- Opening Delimiter -

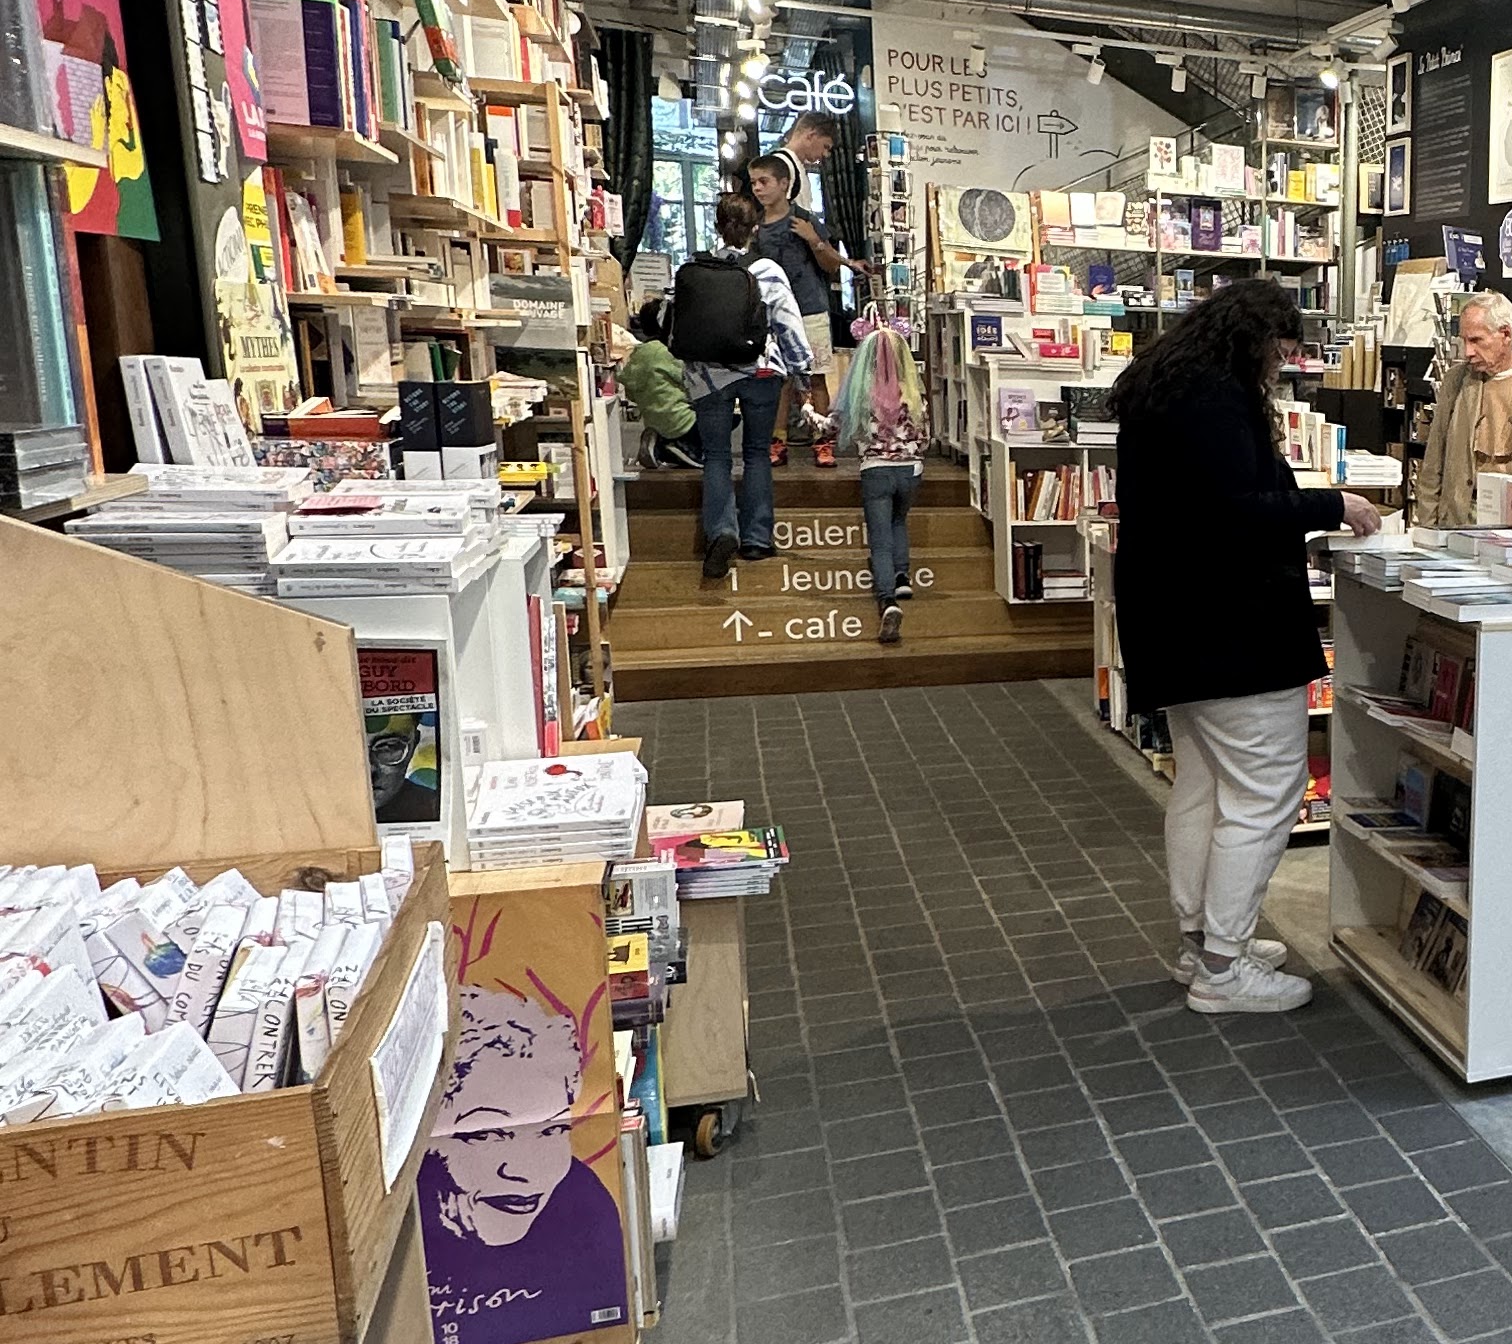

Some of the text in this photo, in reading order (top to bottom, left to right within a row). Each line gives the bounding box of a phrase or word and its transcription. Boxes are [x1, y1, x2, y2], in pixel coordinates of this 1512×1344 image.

[887, 49, 945, 73] POUR
[757, 70, 855, 114] café
[888, 76, 1023, 110] PLUS PETITS,
[952, 109, 990, 130] PAR
[996, 114, 1020, 133] ICI
[240, 336, 279, 358] MYTHES
[773, 519, 869, 550] galeri
[780, 564, 935, 593] Jeunee
[360, 664, 398, 677] GUY
[361, 680, 416, 692] BORD
[0, 1132, 207, 1182] NTIN
[441, 1322, 459, 1335] 10
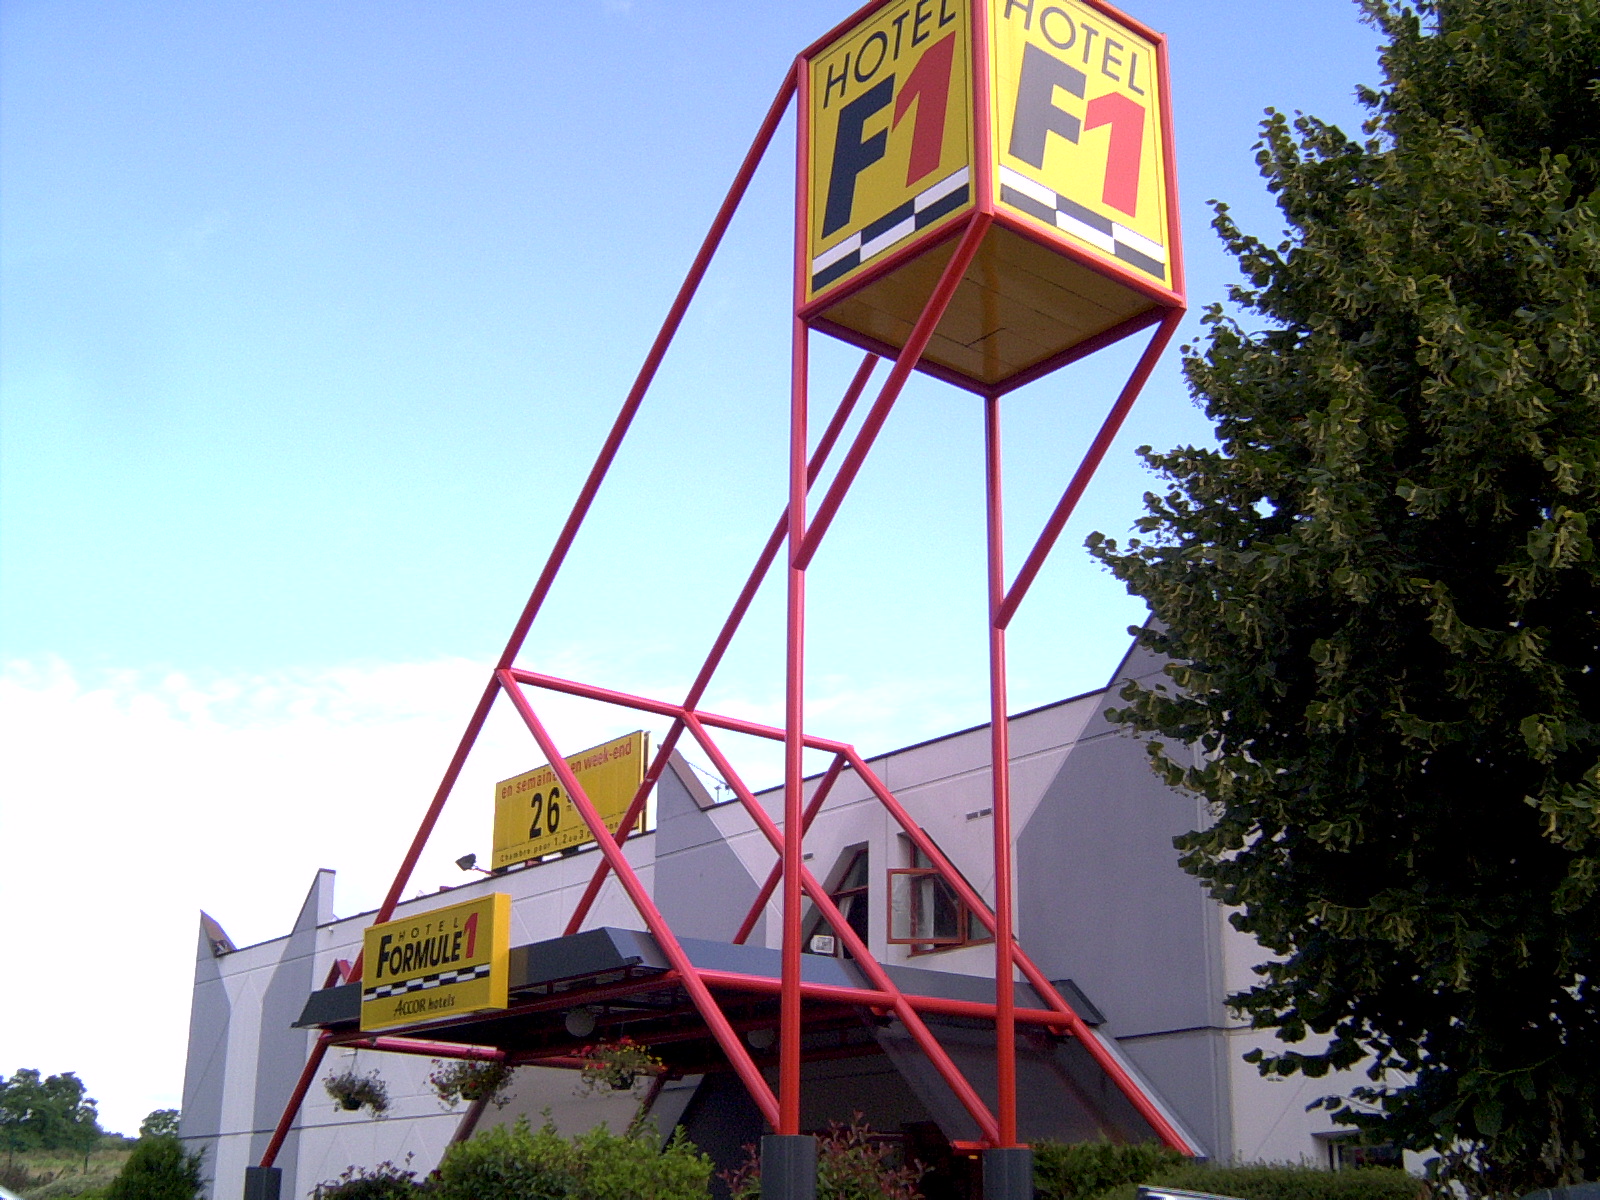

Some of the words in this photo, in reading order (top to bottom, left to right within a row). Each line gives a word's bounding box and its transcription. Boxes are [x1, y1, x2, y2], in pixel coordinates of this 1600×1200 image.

[823, 0, 956, 109] HOTEL
[1003, 0, 1146, 96] HOTEL
[821, 31, 956, 240] F1
[1008, 41, 1146, 218] F1
[501, 784, 513, 799] en
[570, 760, 582, 775] en
[584, 737, 632, 769] week-end
[529, 786, 560, 839] 26
[376, 931, 463, 979] FORMULE
[463, 912, 479, 959] 1
[397, 917, 459, 942] HOTEL
[428, 993, 456, 1010] hotels
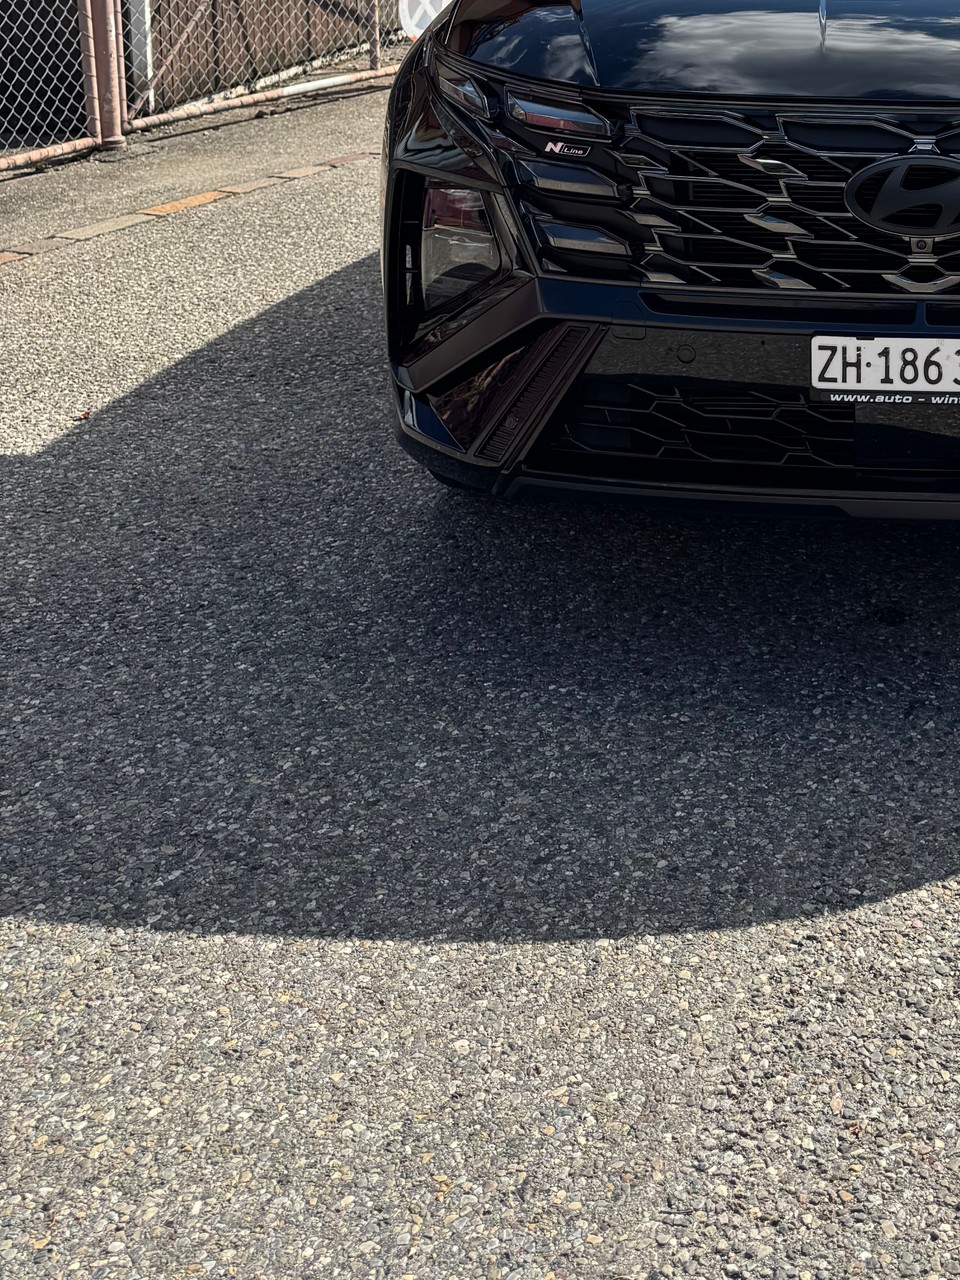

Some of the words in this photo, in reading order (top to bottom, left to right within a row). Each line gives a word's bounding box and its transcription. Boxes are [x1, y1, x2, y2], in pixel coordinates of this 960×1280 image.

[544, 141, 564, 153] N
[564, 146, 583, 155] Line
[830, 393, 912, 404] www.auto
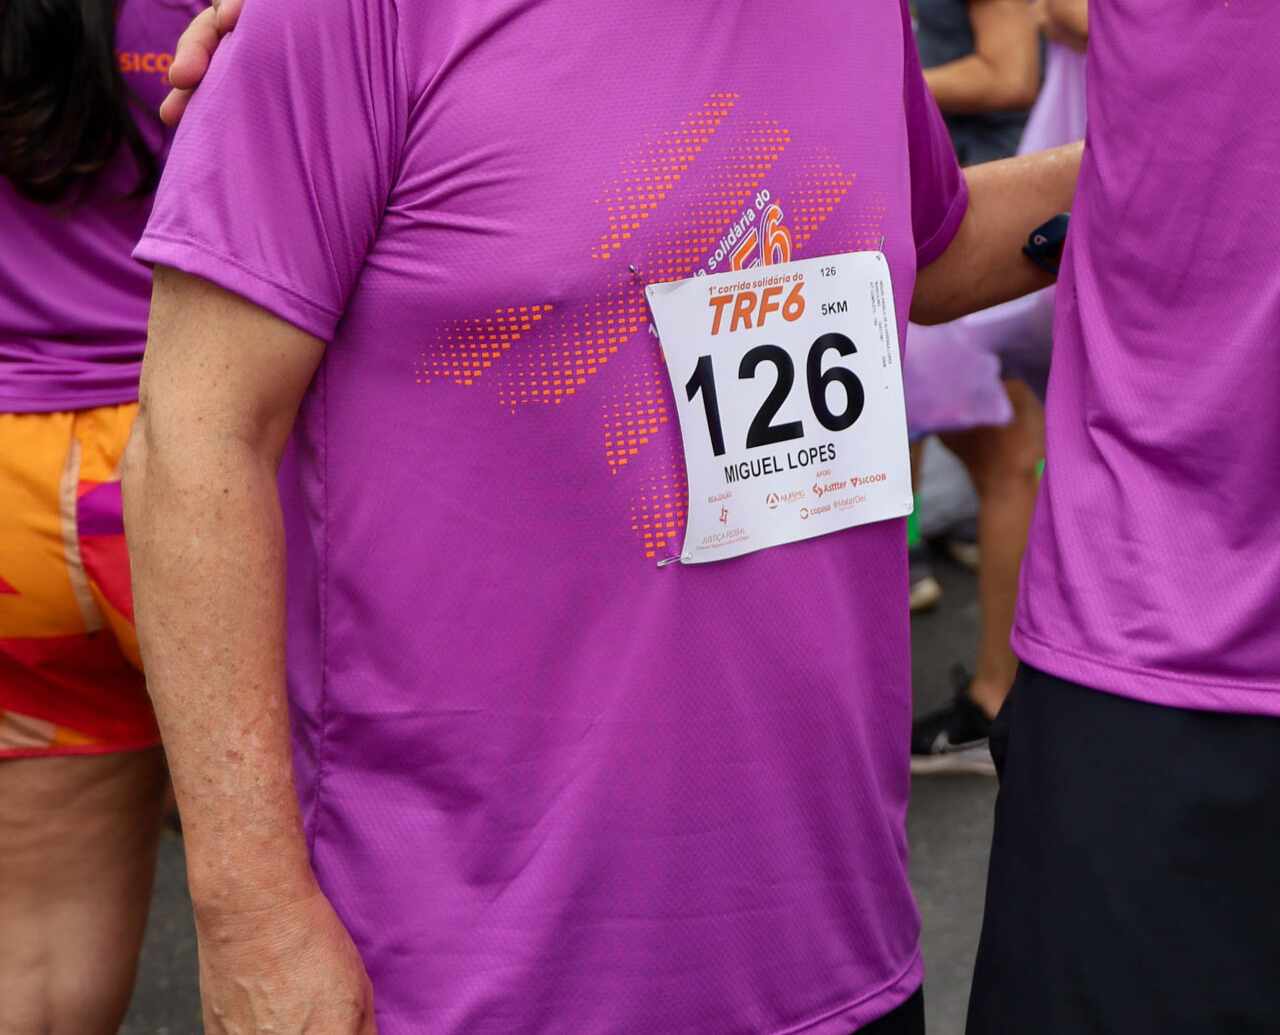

- Closing Delimiter -

Task brief >>
The entries need to be restated exactly, and their pictures left out.

Response area >>
Some of the text in this photo, in reading order (top to bottom, left to right within a row). Each line gives the bounding box of a phrase or word and its transcription. Boxes are [x1, y1, x2, y2], in pixel coordinates of this 1512×1344 image.

[887, 49, 945, 73] POUR
[757, 70, 855, 114] café
[888, 76, 1023, 110] PLUS PETITS,
[952, 109, 990, 130] PAR
[996, 114, 1020, 133] ICI
[240, 336, 279, 358] MYTHES
[773, 519, 869, 550] galeri
[780, 564, 935, 593] Jeunee
[360, 664, 398, 677] GUY
[361, 680, 416, 692] BORD
[0, 1132, 207, 1182] NTIN
[441, 1322, 459, 1335] 10

Some of the words in this photo, in reading order (top to bottom, left to right within a row). Each line gives a word's bounding box and its transcription. Boxes are [x1, y1, x2, y2], in pixel coordinates of this 1600×1200 image.

[823, 0, 956, 109] HOTEL
[1003, 0, 1146, 96] HOTEL
[821, 31, 956, 240] F1
[1008, 41, 1146, 218] F1
[501, 784, 513, 799] en
[570, 760, 582, 775] en
[584, 737, 632, 769] week-end
[529, 786, 560, 839] 26
[376, 931, 463, 979] FORMULE
[463, 912, 479, 959] 1
[397, 917, 459, 942] HOTEL
[428, 993, 456, 1010] hotels

Some of the words in this photo, in reading order (top to bottom, left to right within a row). Each line gives a word's bounding box and its transcription. Boxes are [x1, y1, x2, y2], in pixel coordinates of this 960×1280 image.

[544, 141, 564, 153] N
[564, 146, 583, 155] Line
[830, 393, 912, 404] www.auto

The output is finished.